E-Cigarette Reviews and Rankings

Questionable Study Claims E-Cigarettes May Not Be Effective in Helping People Quit Smoking

According to a new medical study scheduled to be published in the journal Cancer, electronic cigarettes are not an effective smoking cessation tool for cancer patients trying to quit.

puffingFor this study, researchers observed a total of 1,047 cancer patients who continued to smoke and were therefore enrolled in a tobacco treatment program at a comprehensive cancer center during 2012 and 2013. The six-month study followed the subjects’ smoking status, nicotine dependence and e-cigarette use, which were measured at baseline and again at the follow-up. The main outcome of this research was smoking cessation, which was measured as seven-day abstinence at follow-up, but researchers reported that cancer patients who used electronic cigarettes were no more likely to quit smoking than patients who did not use them.

“Controlled research is needed to evaluate the potential harms and benefits of e-cigarettes as a potential cessation approach for cancer patients,” said Dr. Jamie Ostroff, one of the authors of the study Electronic cigarette use among cancer patients: Characteristics of e-cigarette users and their smoking cessation outcomes. Although he acknowledged the limitations of his research, Ostroff recommended that “In the meantime, oncologists should advise all smokers to quit smoking traditional combustible cigarettes, encourage use of FDA-approved cessation medications, refer patients for smoking cessation counseling, and provide education about the potential risks and lack of known benefits of long-term e-cigarette use.” Apparently, no findings were made to support oncologists suggesting e-cigarettes help cancer patients quit smoking.

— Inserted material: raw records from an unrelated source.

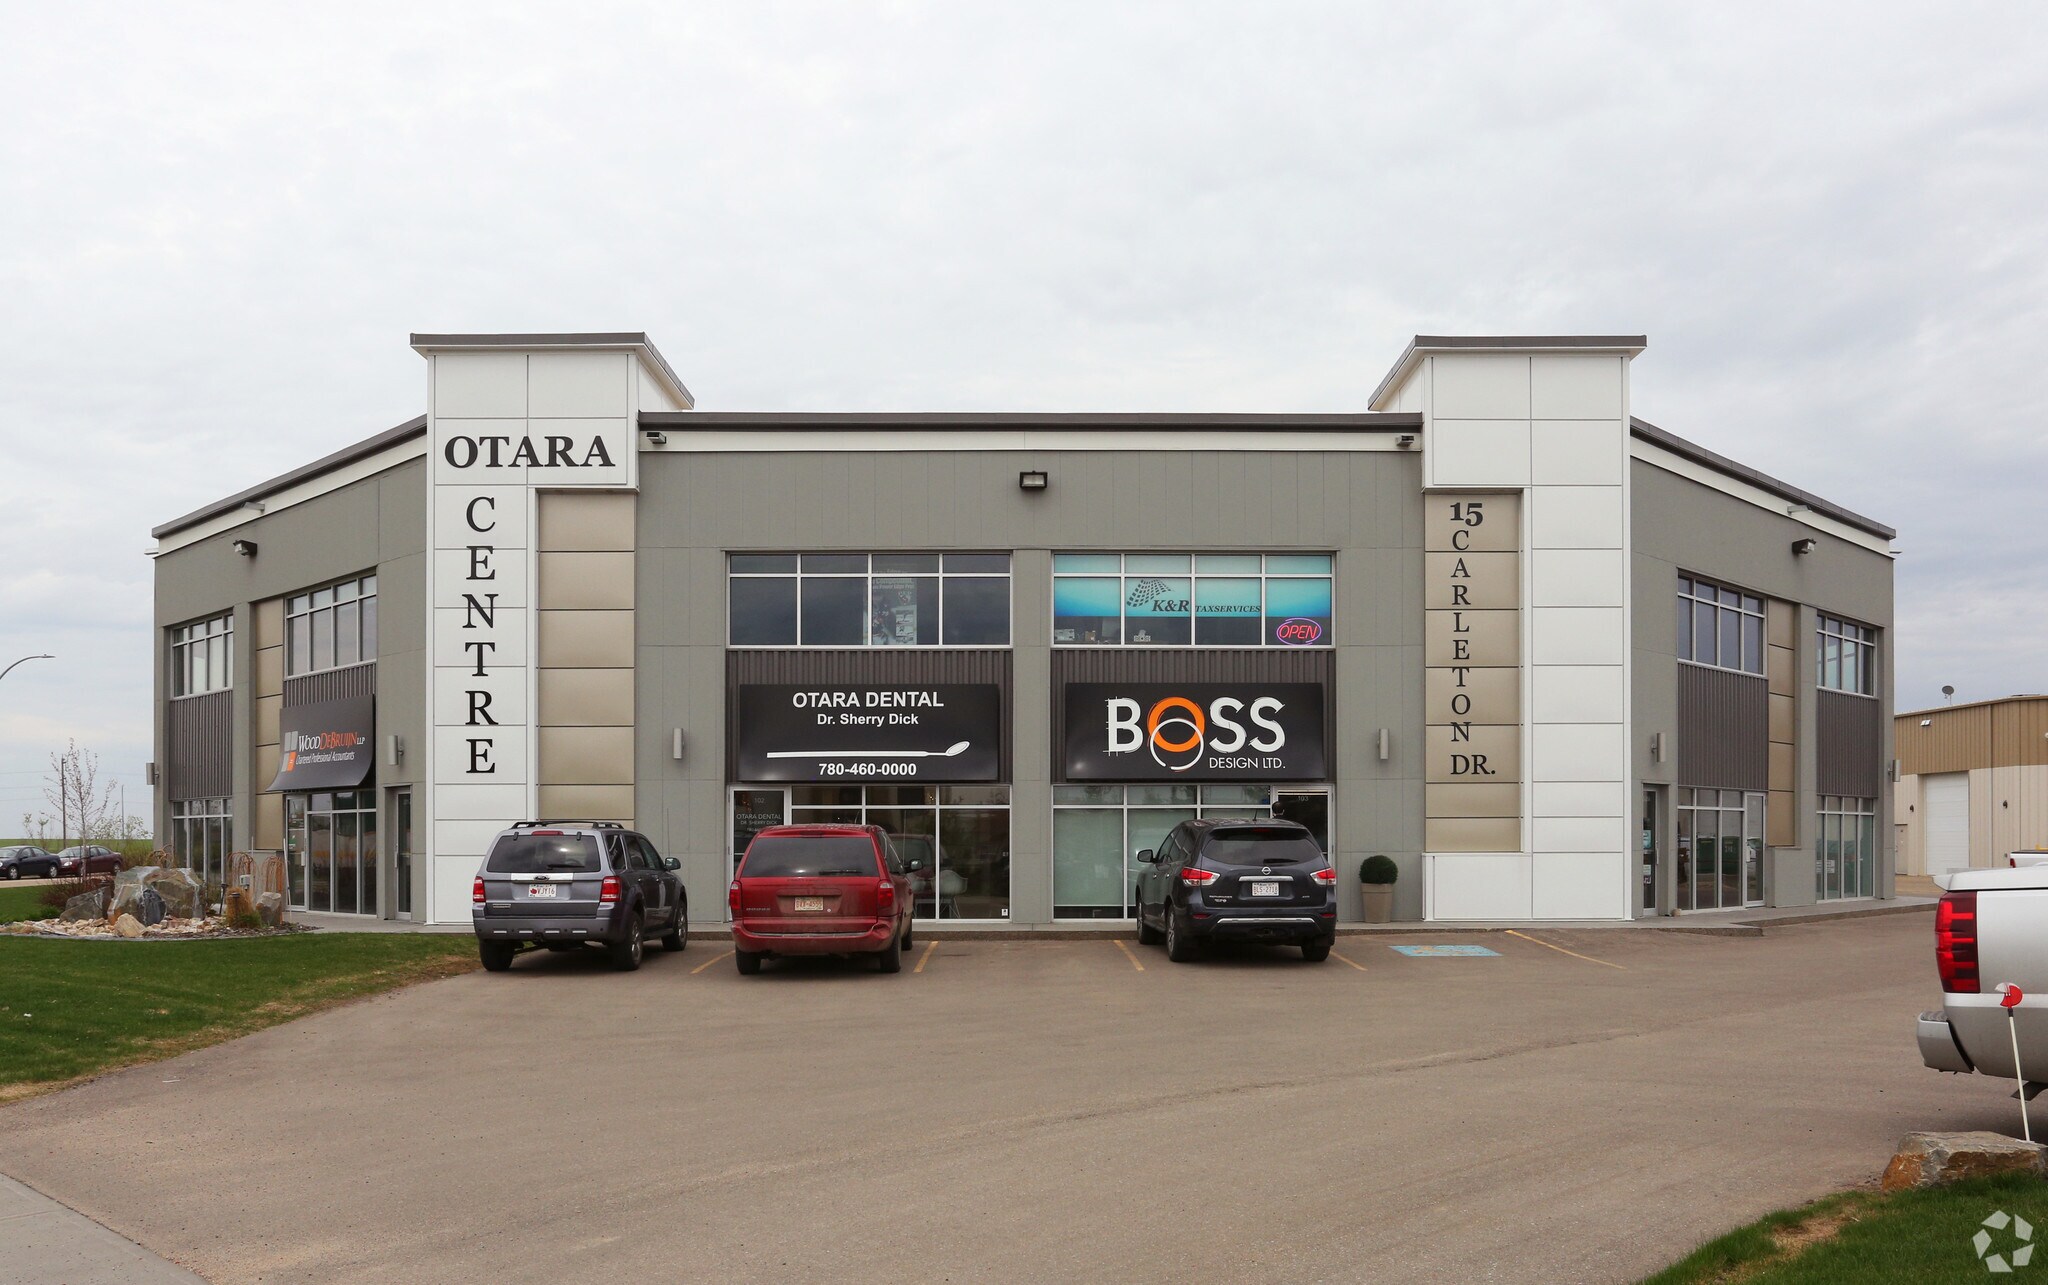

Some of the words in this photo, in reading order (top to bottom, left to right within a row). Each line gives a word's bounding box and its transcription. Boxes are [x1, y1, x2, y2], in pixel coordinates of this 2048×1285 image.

[445, 435, 616, 468] OTARA
[1450, 502, 1484, 527] 15
[1152, 600, 1189, 612] K&R
[462, 496, 499, 774] CENTRE
[1279, 624, 1319, 639] OPEN
[1451, 530, 1471, 742] CARLETON
[792, 691, 860, 708] OTARA
[866, 691, 944, 708] DENTAL
[817, 713, 835, 725] Dr.
[840, 713, 885, 727] Sherry
[889, 713, 919, 725] Dick
[1104, 696, 1286, 757] BOSS
[818, 763, 917, 776] 780-460-0000
[1209, 757, 1259, 769] DESIGN
[1262, 757, 1286, 769] LTD.
[1451, 754, 1496, 775] DR.

However, several scientists with a rich background in tobacco and electronic cigarette research have labeled Ostroff’s study as unreliable. Dr. Robert West, director of tobacco research at University College London, pointed out that the study was not able to assess whether or not for cancer patients who smoke using an e-cigarette to try and quit is beneficial “because the sample could consist of e-cigarette users who had already failed in a quit attempt, so all those who would have succeeded already would be ruled out”.”

Professor Peter Hajek, director of the Tobacco Dependence Unit at Queen Mary University of London also noticed this critical flaw of the study. “The authors followed up smokers who tried e-cigarettes but did not stop smoking, and excluded smokers who tried e-cigarettes and stopped smoking,” he said. “Like smokers who fail with any method, these were highly dependent smokers who found quitting difficult. The authors concluded that e-cigarette was not helpful, but that would be true for any treatment however effective if only treatment failures were evaluated.”

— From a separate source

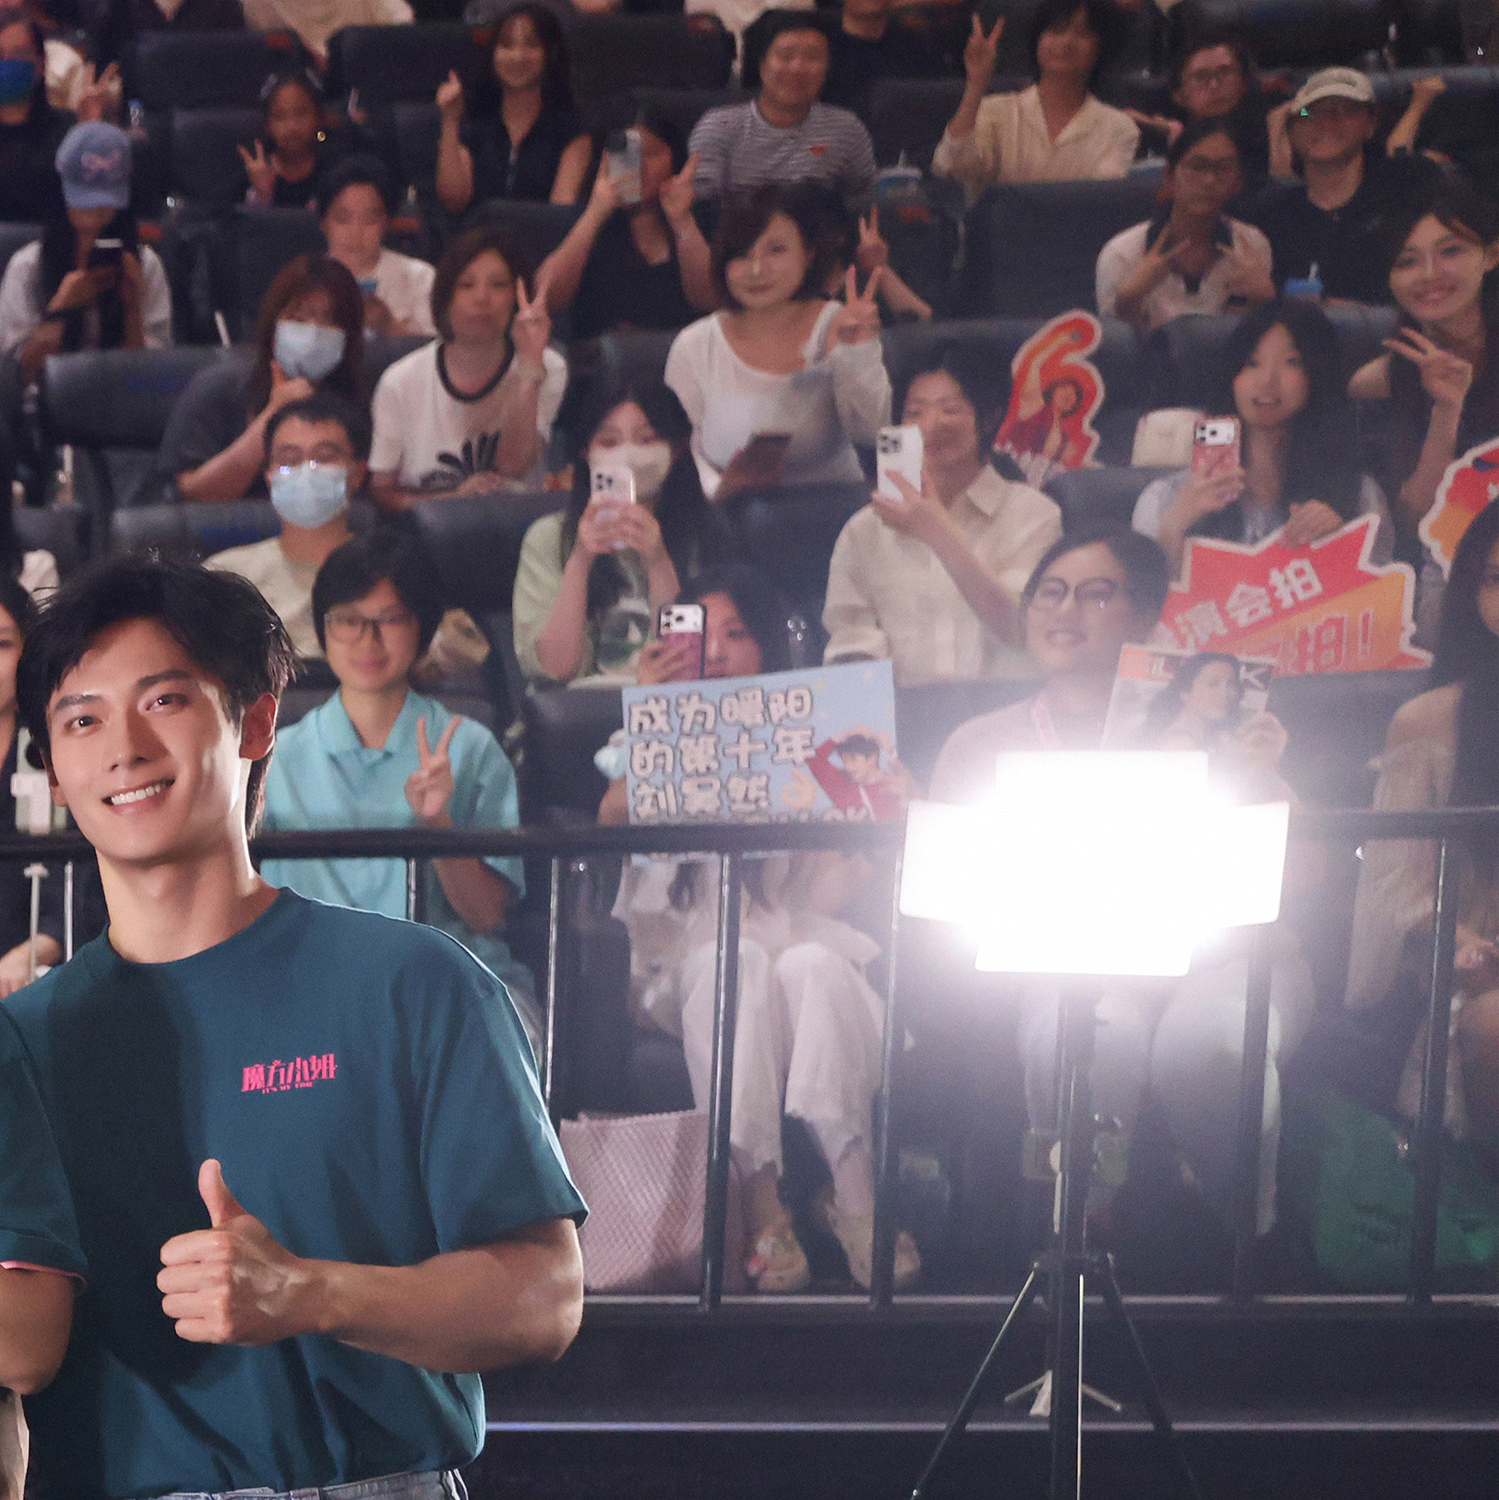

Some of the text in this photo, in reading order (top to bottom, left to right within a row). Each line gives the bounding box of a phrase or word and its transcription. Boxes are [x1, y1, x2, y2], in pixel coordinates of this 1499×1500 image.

[629, 684, 814, 737] 成为暖阳
[630, 725, 817, 779] 的第十年
[241, 1053, 338, 1093] 魔方小姐

“The blatant flaw in this study is that it enrolled smokers who had already made quit attempts using e-cigarettes in the past. By definition, this resulted in a sample of smokers who were more resistant to quitting. One would expect to find lower quitting rates among this population of e-cigarette users,” Dr, Michael Siegel, from the Boston University School of Public Health, writes on his blog. “To be valid, the study needs to examine e-cigarette smokers who have not tried these products before and are trying them for the first time in an attempt to quit smoking. Otherwise, the study cannot truly claim to draw conclusions about how helpful e-cigarettes are for smoking cessation among cancer patients.”

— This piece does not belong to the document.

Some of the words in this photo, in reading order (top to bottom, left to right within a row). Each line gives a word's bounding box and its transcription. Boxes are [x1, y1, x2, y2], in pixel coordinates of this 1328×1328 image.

Unfortunately, despite its questionable findings, this study is making the rounds on large international news and medical websites and planting the seeds of doubt in the minds of smokers who otherwise would have at least tried electronic cigarettes as a means of quitting. This way, some, if not most, of those who read this blatant disinformation will stick to toxic tobacco cigarettes instead. Is this really a way of improving public health?

One Comment/Review

  • mountaingal says:
    5 stars

    Disinformation is the standard in research. This study is definaltely flawed. Cancer patients have usually tried to quit and couldn’t. Vaping is so less harmful than smoking. Vapers need to promote the vape as less harmful, not harmless. It does allow greater control of the nicotine absorbed. That is why they make the ejuice in strengths! So, if these patients were give LOW strengths they WOULD have a hard time quitting.